How to complete this task: Without the pictures, write out all the lines below exactly as they appear.
[Exercise data Boundary: Start]
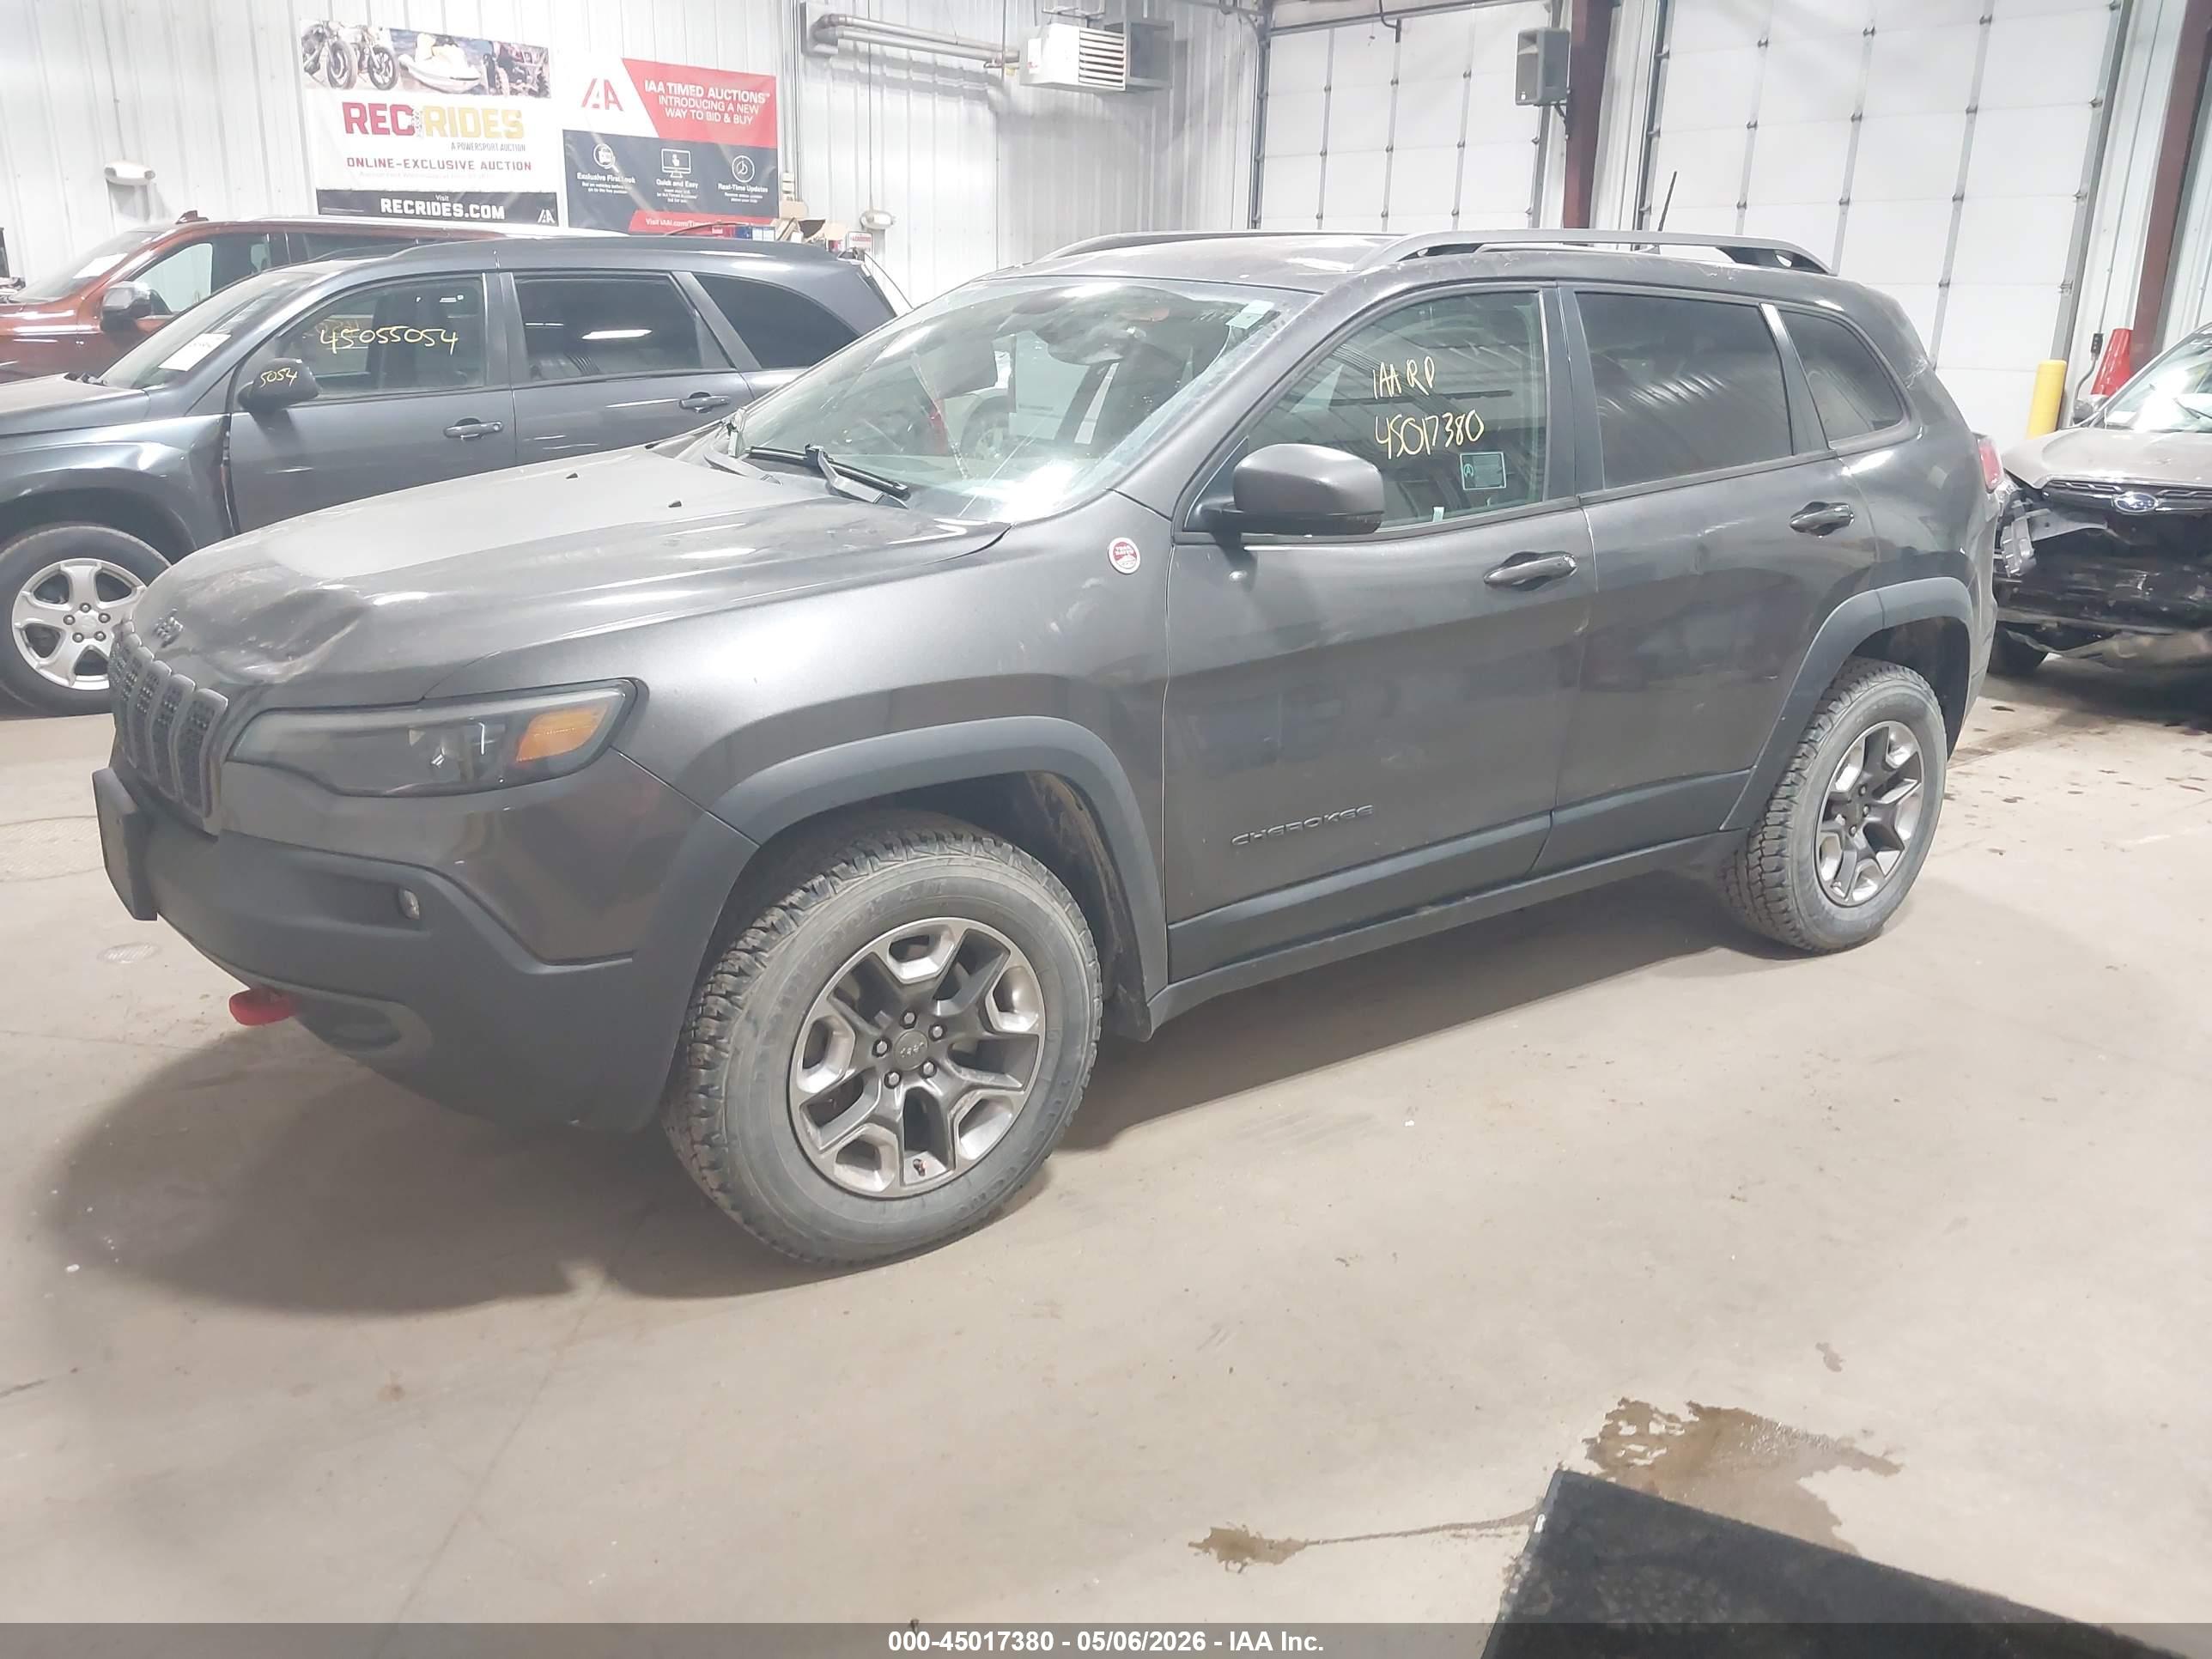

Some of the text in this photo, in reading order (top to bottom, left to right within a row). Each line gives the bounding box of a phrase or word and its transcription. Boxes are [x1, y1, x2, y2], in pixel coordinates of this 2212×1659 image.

[645, 80, 665, 94] IAA
[666, 82, 704, 98] TIMED
[659, 95, 759, 114] INTRODUCING A NEW
[342, 101, 416, 136] REC
[422, 105, 525, 139] RIDES
[665, 107, 754, 125] WAY TO BID & BUY
[451, 142, 526, 152] A POWERSPORT AUCTION
[347, 156, 532, 172] ONLINE-EXCLUSIVE AUCTION
[656, 178, 672, 186] Quick
[685, 180, 699, 189] Easy
[380, 198, 505, 220] RECRIDES.COM
[319, 325, 459, 356] 45055054
[260, 367, 298, 387] 5054
[1373, 362, 1402, 399] IAA
[1375, 409, 1485, 460] 45017380
[1231, 804, 1373, 846] CHEROKEE
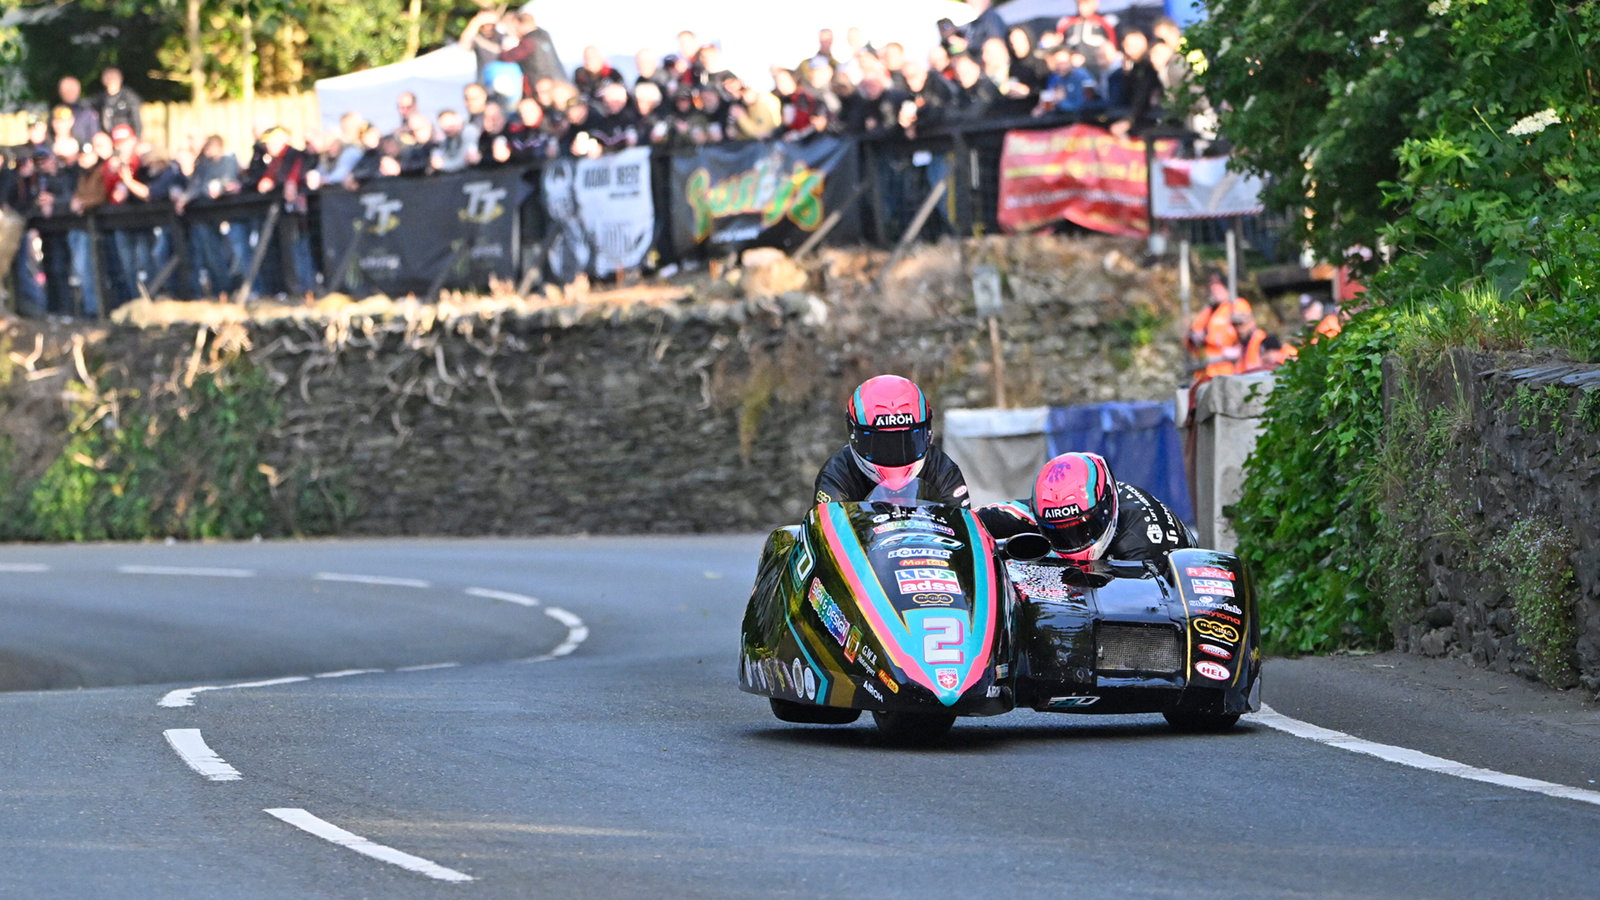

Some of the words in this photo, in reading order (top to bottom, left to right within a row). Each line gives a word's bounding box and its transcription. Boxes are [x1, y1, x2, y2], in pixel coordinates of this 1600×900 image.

[875, 414, 914, 426] AIROH
[1045, 505, 1080, 519] AIROH
[902, 580, 959, 592] adss
[811, 583, 825, 605] SIGN
[826, 605, 850, 637] DESIGN
[923, 617, 964, 665] 2
[1202, 667, 1224, 678] HEL
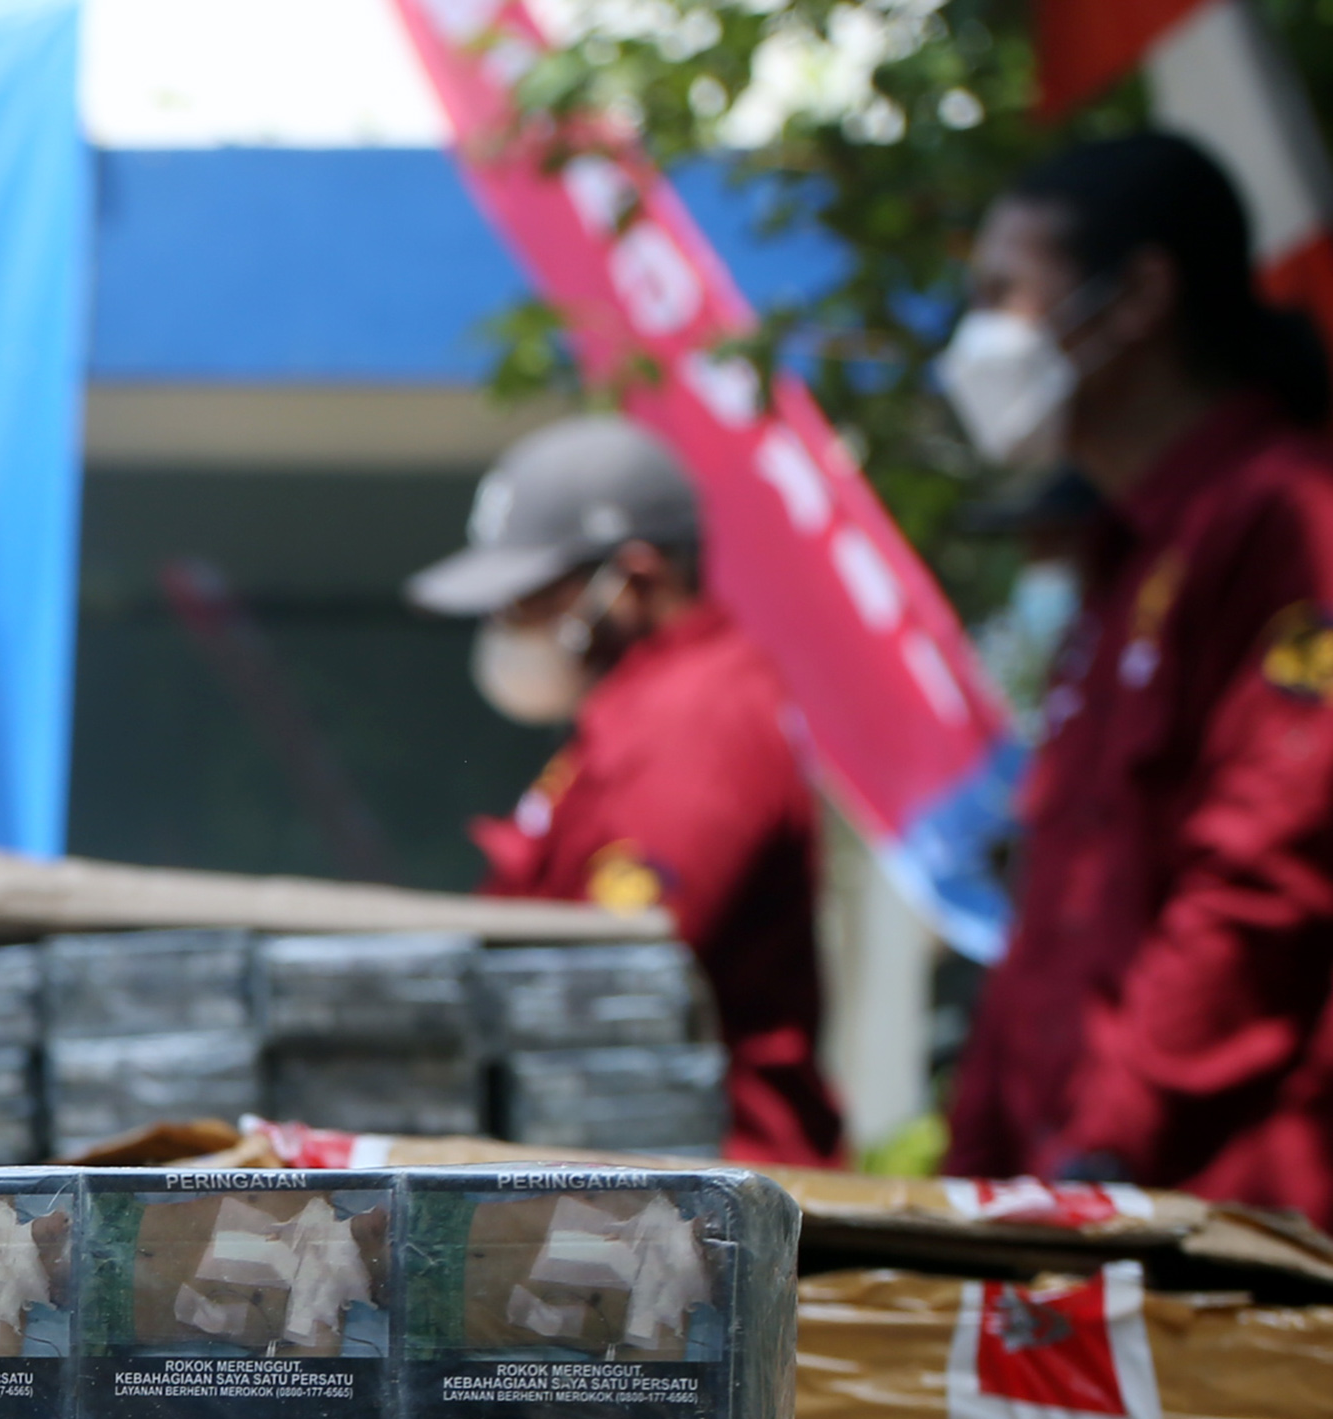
[Exercise data Boundary: End]
Task solution:
Some of the text in this photo, in reading order (top to bottom, left to right within a row). Each line gives the bounding box of a phrase or word and its transcription. Boxes are [x1, y1, x2, y2], in pixel coordinates of this 2212×1659 image.

[645, 80, 665, 94] IAA
[666, 82, 704, 98] TIMED
[659, 95, 759, 114] INTRODUCING A NEW
[342, 101, 416, 136] REC
[422, 105, 525, 139] RIDES
[665, 107, 754, 125] WAY TO BID & BUY
[451, 142, 526, 152] A POWERSPORT AUCTION
[347, 156, 532, 172] ONLINE-EXCLUSIVE AUCTION
[656, 178, 672, 186] Quick
[685, 180, 699, 189] Easy
[380, 198, 505, 220] RECRIDES.COM
[319, 325, 459, 356] 45055054
[260, 367, 298, 387] 5054
[1373, 362, 1402, 399] IAA
[1375, 409, 1485, 460] 45017380
[1231, 804, 1373, 846] CHEROKEE

Some of the words in this photo, in reading order (top to bottom, left to right within a row). Each line gives a word's bounding box and its transcription. Boxes are [x1, y1, x2, y2], in pixel coordinates of this 1600×900 image.

[875, 414, 914, 426] AIROH
[1045, 505, 1080, 519] AIROH
[902, 580, 959, 592] adss
[811, 583, 825, 605] SIGN
[826, 605, 850, 637] DESIGN
[923, 617, 964, 665] 2
[1202, 667, 1224, 678] HEL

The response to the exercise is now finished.